Значит, в Сибири я не был и «нашего великого Байкала» не видел? Известно ли мне, что это самое глубокое озеро в мире? Или что в реках Камчатки водится одиннадцать видов лосося?
Я переключился на автопилот. Глаза мои раз за разом натыкались на изгиб Машиного бедра. А затем Татьяна Владимировна упомянула, как это часто делают русские старики, о чем-то, внушившем мне ощущение моей бесконечной наивности, такой, точно я родился, в сравнении с нею, столько всего пережившей и повидавшей, только вчера, — это крайняя версия того, что ощущаешь в двенадцать лет, слушая разговор родителей о чем-то, совершенно тебе не понятном: о налогах или чьем-либо разводе. В России подобное чувство вызывало во мне упоминание о дяде таком-то, таком-то, отправленном в ГУЛАГ и не вернувшемся, или просто о заурядном проявлении героизма либо недостойном поступке — о человеке, до сорока лет прожившем в одной комнате с родителями, или подвергавшем чьи-то письма цензуре, или три дня простоявшем в очереди за картошкой.
Она спросила, был ли я в Санкт-Петербурге.
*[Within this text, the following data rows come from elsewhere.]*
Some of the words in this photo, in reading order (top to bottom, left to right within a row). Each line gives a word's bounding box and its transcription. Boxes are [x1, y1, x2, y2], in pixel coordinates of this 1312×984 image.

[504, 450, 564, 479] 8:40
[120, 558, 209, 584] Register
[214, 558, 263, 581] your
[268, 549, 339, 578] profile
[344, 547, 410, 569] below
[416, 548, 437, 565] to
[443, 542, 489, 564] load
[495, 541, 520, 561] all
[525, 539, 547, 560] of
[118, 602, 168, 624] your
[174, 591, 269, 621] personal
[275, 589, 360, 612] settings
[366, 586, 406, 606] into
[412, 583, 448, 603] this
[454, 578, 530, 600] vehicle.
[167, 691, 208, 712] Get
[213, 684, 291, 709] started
Я сказал, что еще не был, но ко мне собирается в гости мать, и, может быть, скоро (это было правдой, она действительно грозилась приехать), и мы надеемся вместе съездить туда.
— Я ведь из Петербурга, — сказала Татьяна Владимировна. — Из Ленинграда. Родилась в деревне под ним.
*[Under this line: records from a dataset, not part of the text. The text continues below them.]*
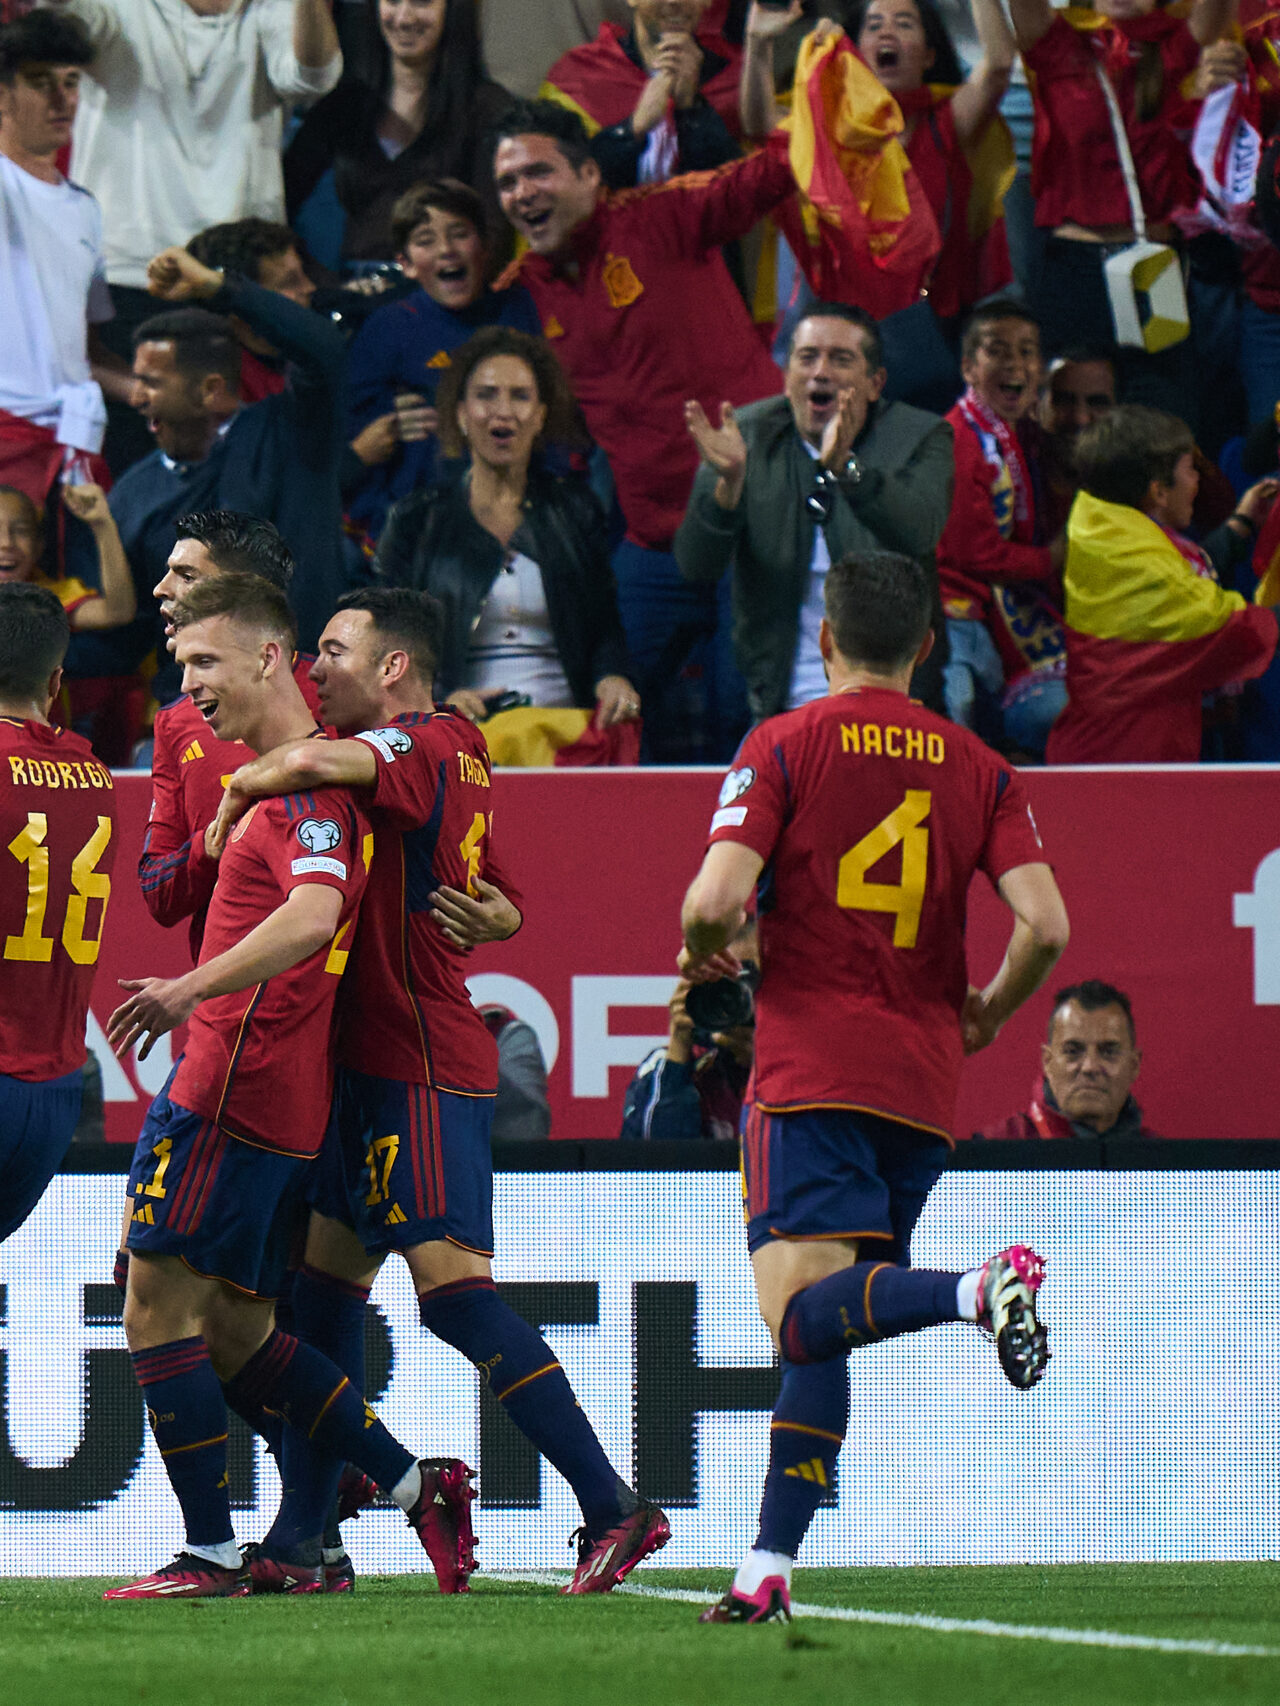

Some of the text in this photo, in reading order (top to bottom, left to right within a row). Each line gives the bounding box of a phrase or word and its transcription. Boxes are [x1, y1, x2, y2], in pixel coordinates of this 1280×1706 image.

[8, 756, 114, 789] RODRIGO
[840, 723, 945, 764] NACHO
[3, 811, 112, 965] 16
[837, 788, 932, 949] 4
[365, 1133, 401, 1207] 17
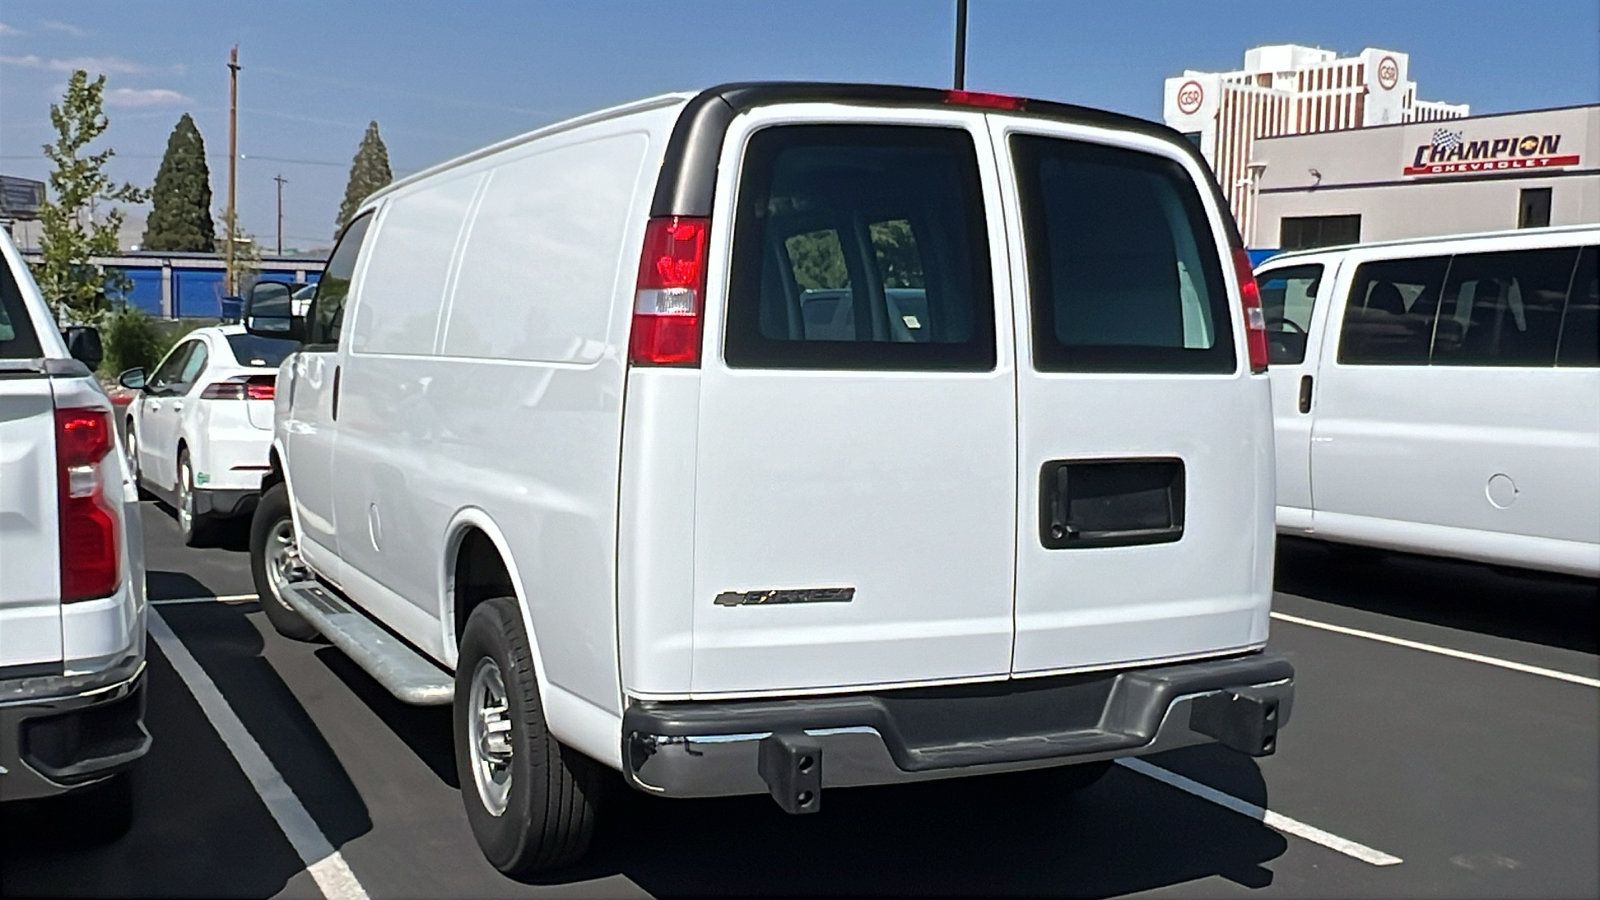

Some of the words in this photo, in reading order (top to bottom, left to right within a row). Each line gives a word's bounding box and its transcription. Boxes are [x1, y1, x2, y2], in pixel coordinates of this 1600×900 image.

[1380, 65, 1397, 82] GSR
[1180, 90, 1201, 106] GSR
[1412, 134, 1562, 168] CHAMPION
[1431, 158, 1551, 173] CHEVROLET
В деревне, продолжала она, ее мать доила коров и тайком молилась Богу. А отец работал на колхозной ферме. В город они переехали после его смерти, перед самой Великой Отечественной, ей тогда было лет семь, не то восемь. Сестра и мать умерли во время блокады. А старший брат, продолжая улыбаться, сообщила она, погиб под Курском. Через несколько лет она уехала с мужем, мужчиной с фотографии, в Новосибирск, университетский город в Сибири. Странно, сказала Татьяна Владимировна, в Сибири они чувствовали себя почти свободными, более свободными, чем в довоенном Ленинграде или в послевоенной Москве. Муж был ученым — чтобы уяснить то, что она рассказала о нем, моего русского не хватило, не уверен, впрочем, что хватило бы и английского, — в общем, насколько я понял, он участвовал в разработке краски, которой покрывались внутренние стены ракетных пусковых шахт, что-то в этом роде, проблема, по ее словам, оказалась достаточно сложной, краске надлежало выдерживать высокие температуры, создаваемые ракетными двигателями.
— Он был крупным ученым, — по-английски сказала Катя.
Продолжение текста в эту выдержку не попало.